● Problem to solve:
Nothing but the lines from the one containing "this 1280×1280 image." through the last line of the data below should be returned, each copied exactly.

● Records from a collection:

══════

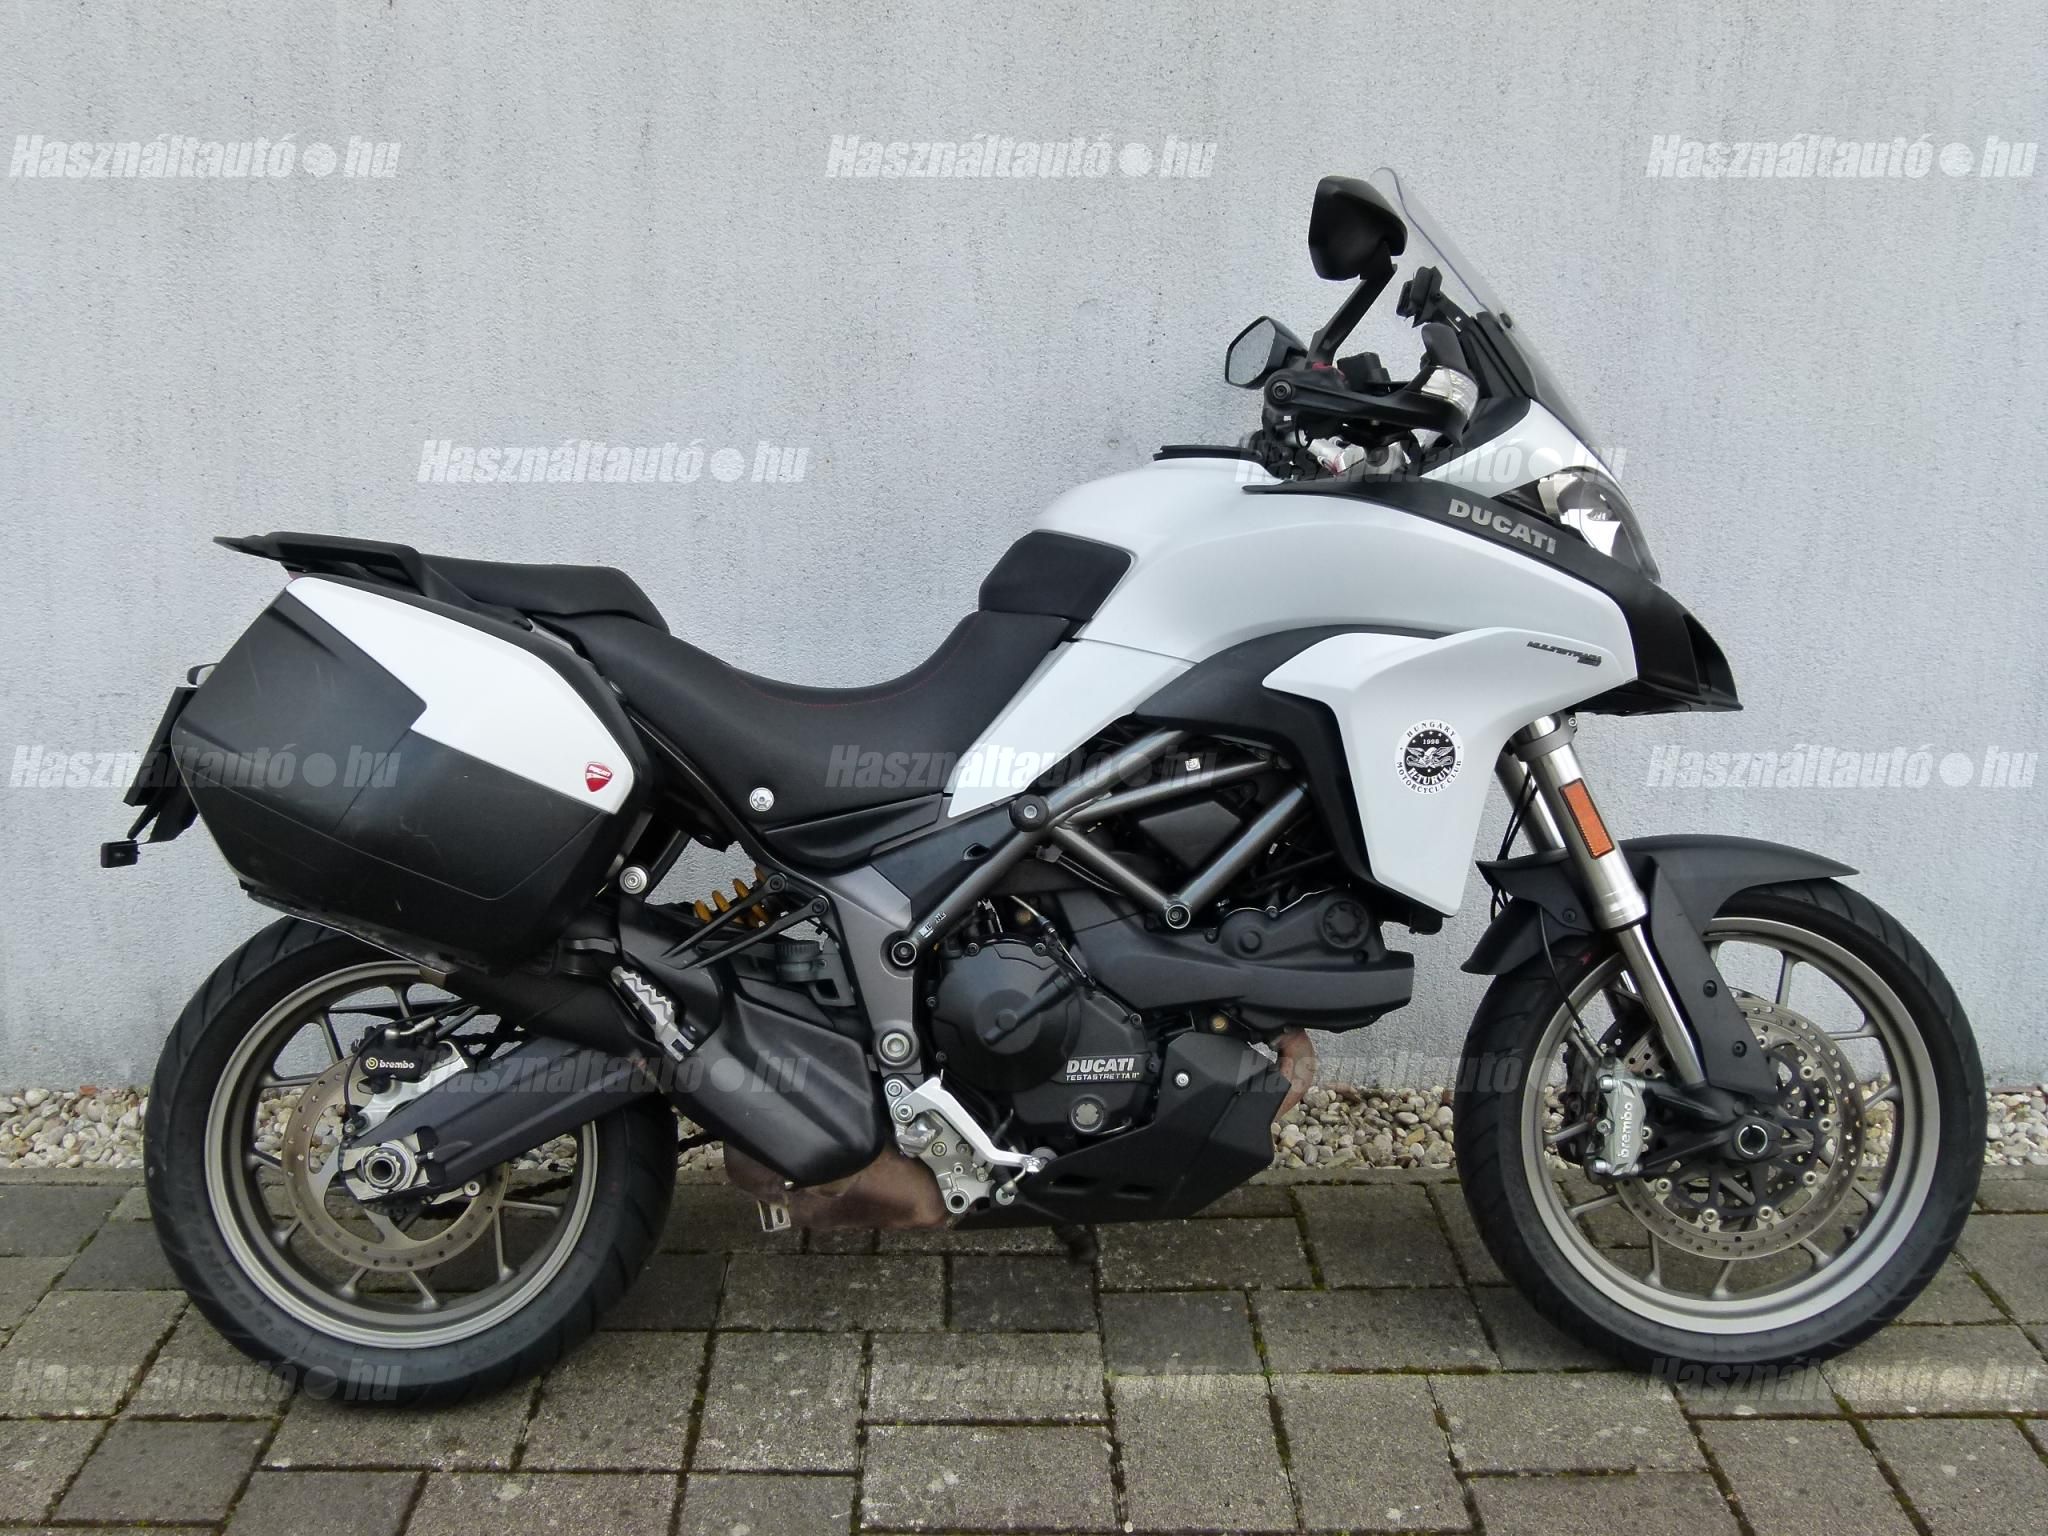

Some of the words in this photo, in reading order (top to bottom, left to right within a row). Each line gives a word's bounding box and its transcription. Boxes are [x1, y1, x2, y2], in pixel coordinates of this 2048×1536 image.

[1448, 499, 1557, 555] DUCATI
[1406, 721, 1456, 738] HUNGARY
[1397, 761, 1446, 794] MOTORCYCLE
[1446, 760, 1462, 784] CLUB
[379, 1060, 415, 1069] brembo
[1066, 1057, 1135, 1074] DUCATI
[1066, 1072, 1131, 1081] TESTASTRETTA
[1618, 1102, 1633, 1158] brembo
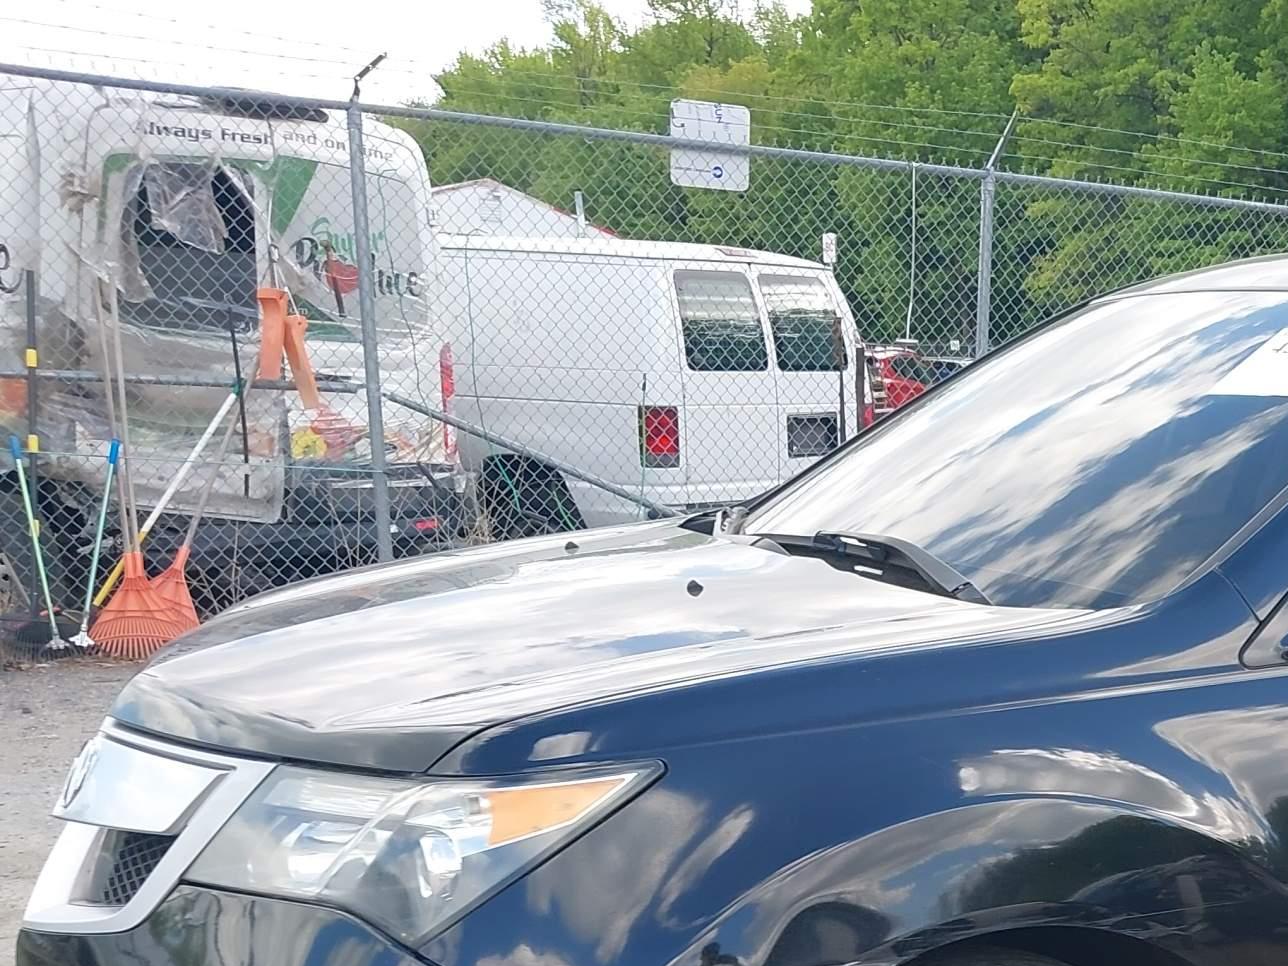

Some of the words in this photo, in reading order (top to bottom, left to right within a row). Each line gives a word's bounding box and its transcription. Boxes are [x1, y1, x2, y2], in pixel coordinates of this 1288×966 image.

[136, 120, 213, 142] Always
[221, 127, 273, 144] Fresh
[282, 131, 317, 145] and
[324, 138, 346, 151] on
[360, 144, 393, 161] ime
[311, 216, 385, 263] Supr
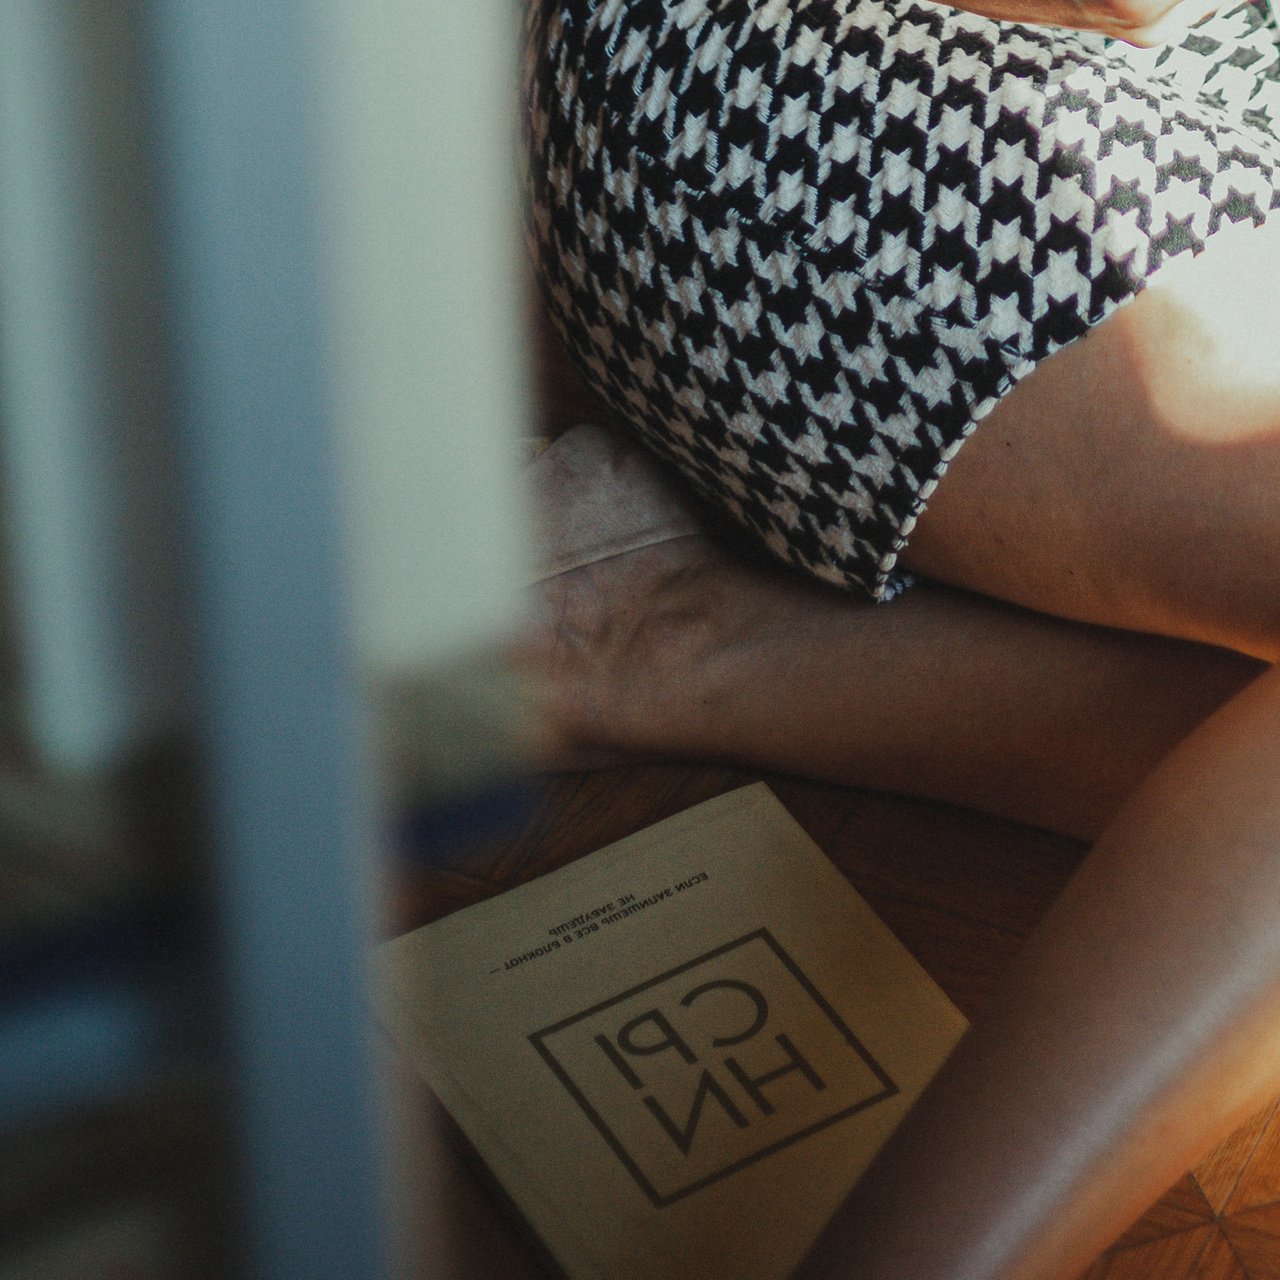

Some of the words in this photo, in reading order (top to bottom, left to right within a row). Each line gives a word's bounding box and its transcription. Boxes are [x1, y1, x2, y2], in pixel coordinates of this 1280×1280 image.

[673, 870, 708, 892] ЕСЛИ
[599, 886, 673, 927] ЗАПИШЕШЬ
[616, 892, 636, 907] НЕ
[547, 900, 616, 939] ЗАБУДЕШЬ
[573, 921, 599, 939] ВСЕ
[561, 933, 573, 944] В
[502, 939, 561, 972] БЛОКНОТ
[594, 978, 769, 1091] СЫ
[642, 1033, 828, 1158] НИ

══════

● Output for this task:
Some of the words in this photo, in reading order (top to bottom, left to right within a row). Each line gives a word's bounding box and its transcription. Boxes are [x1, y1, x2, y2], in pixel coordinates of this 1280×1280 image.

[673, 870, 708, 892] ЕСЛИ
[599, 886, 673, 927] ЗАПИШЕШЬ
[616, 892, 636, 907] НЕ
[547, 900, 616, 939] ЗАБУДЕШЬ
[573, 921, 599, 939] ВСЕ
[561, 933, 573, 944] В
[502, 939, 561, 972] БЛОКНОТ
[594, 978, 769, 1091] СЫ
[642, 1033, 828, 1158] НИ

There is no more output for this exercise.